THE PROBLEM: Give back the whole listing exactly as written, pictures excluded.

<<<<

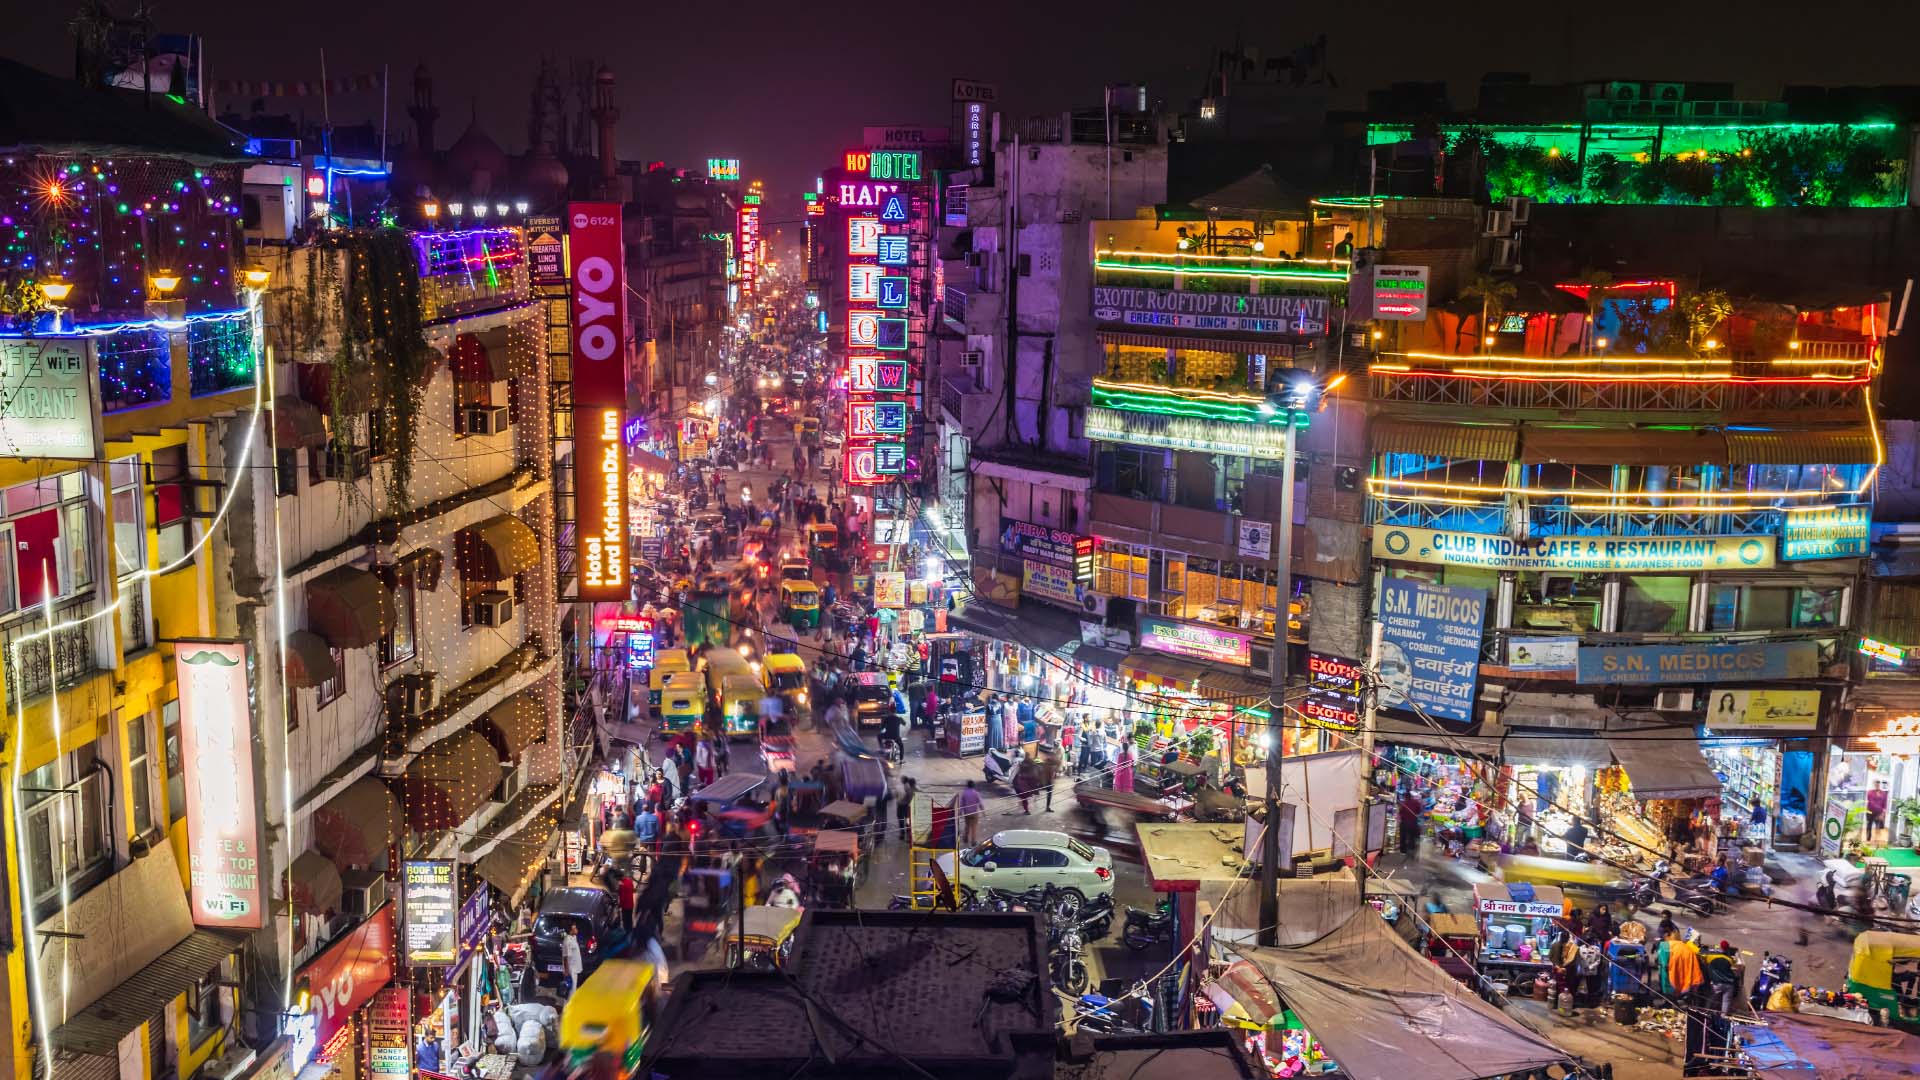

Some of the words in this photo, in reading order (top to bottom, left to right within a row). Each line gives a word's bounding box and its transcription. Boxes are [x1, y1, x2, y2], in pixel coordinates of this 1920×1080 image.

[870, 152, 921, 180] HOTEL
[529, 217, 559, 225] EVEREST
[590, 216, 615, 226] 6124
[532, 245, 561, 253] BREAKFAST
[538, 255, 557, 263] LUNCH
[577, 256, 617, 361] OYO
[1094, 288, 1144, 308] EXOTIC
[1147, 290, 1217, 313] ROOFTOP
[1221, 295, 1327, 319] RESTAURANT
[1131, 312, 1183, 328] BREAKFAST
[1195, 316, 1228, 331] LUNCH
[1241, 319, 1279, 331] DINNER
[602, 410, 617, 441] Inn
[1086, 407, 1123, 431] EXOTIC
[1124, 411, 1172, 435] ROOFTOP
[1015, 521, 1048, 540] HIRA
[1787, 527, 1818, 541] LUNCH
[1831, 526, 1867, 539] DINNER
[1433, 533, 1476, 552] CLUB
[1483, 538, 1530, 556] INDIA
[1536, 540, 1581, 557] CAFE
[1587, 541, 1598, 557] &
[1605, 540, 1716, 558] RESTAURANT
[586, 537, 602, 586] Hotel
[605, 545, 622, 586] Lord
[1026, 560, 1047, 573] HIRA
[1444, 553, 1478, 564] INDIAN
[1487, 557, 1557, 568] CONTINENTAL
[1566, 559, 1611, 569] CHINESE
[1615, 560, 1621, 568] &
[1624, 559, 1674, 569] JAPANESE
[1677, 558, 1703, 568] FOOD
[1385, 588, 1411, 615] S.N.
[1415, 592, 1481, 625] MEDICOS
[1152, 624, 1201, 642] EXOTIC
[1388, 616, 1420, 629] CHEMIST
[1443, 624, 1480, 638] SERGICAL
[1386, 627, 1426, 640] PHARMACY
[1442, 635, 1479, 649] MEDICINE
[1408, 641, 1446, 655] COSMETIC
[1309, 658, 1360, 680] EXOTIC
[1603, 655, 1650, 671] S.N.
[1659, 652, 1765, 671] MEDICOS
[1611, 673, 1649, 681] CHEMIST
[1660, 671, 1707, 680] PHARMACY
[1307, 705, 1357, 723] EXOTIC
[237, 840, 247, 853] &
[230, 857, 256, 871] TOP
[433, 866, 451, 874] TOP

>>>>

EXERCISE SOLUTION:
Some of the words in this photo, in reading order (top to bottom, left to right within a row). Each line gives a word's bounding box and its transcription. Boxes are [x1, y1, x2, y2], in pixel coordinates of this 1920×1080 image.

[870, 152, 921, 180] HOTEL
[529, 217, 559, 225] EVEREST
[590, 216, 615, 226] 6124
[532, 245, 561, 253] BREAKFAST
[538, 255, 557, 263] LUNCH
[577, 256, 617, 361] OYO
[1094, 288, 1144, 308] EXOTIC
[1147, 290, 1217, 313] ROOFTOP
[1221, 295, 1327, 319] RESTAURANT
[1131, 312, 1183, 328] BREAKFAST
[1195, 316, 1228, 331] LUNCH
[1241, 319, 1279, 331] DINNER
[602, 410, 617, 441] Inn
[1086, 407, 1123, 431] EXOTIC
[1124, 411, 1172, 435] ROOFTOP
[1015, 521, 1048, 540] HIRA
[1787, 527, 1818, 541] LUNCH
[1831, 526, 1867, 539] DINNER
[1433, 533, 1476, 552] CLUB
[1483, 538, 1530, 556] INDIA
[1536, 540, 1581, 557] CAFE
[1587, 541, 1598, 557] &
[1605, 540, 1716, 558] RESTAURANT
[586, 537, 602, 586] Hotel
[605, 545, 622, 586] Lord
[1026, 560, 1047, 573] HIRA
[1444, 553, 1478, 564] INDIAN
[1487, 557, 1557, 568] CONTINENTAL
[1566, 559, 1611, 569] CHINESE
[1615, 560, 1621, 568] &
[1624, 559, 1674, 569] JAPANESE
[1677, 558, 1703, 568] FOOD
[1385, 588, 1411, 615] S.N.
[1415, 592, 1481, 625] MEDICOS
[1152, 624, 1201, 642] EXOTIC
[1388, 616, 1420, 629] CHEMIST
[1443, 624, 1480, 638] SERGICAL
[1386, 627, 1426, 640] PHARMACY
[1442, 635, 1479, 649] MEDICINE
[1408, 641, 1446, 655] COSMETIC
[1309, 658, 1360, 680] EXOTIC
[1603, 655, 1650, 671] S.N.
[1659, 652, 1765, 671] MEDICOS
[1611, 673, 1649, 681] CHEMIST
[1660, 671, 1707, 680] PHARMACY
[1307, 705, 1357, 723] EXOTIC
[237, 840, 247, 853] &
[230, 857, 256, 871] TOP
[433, 866, 451, 874] TOP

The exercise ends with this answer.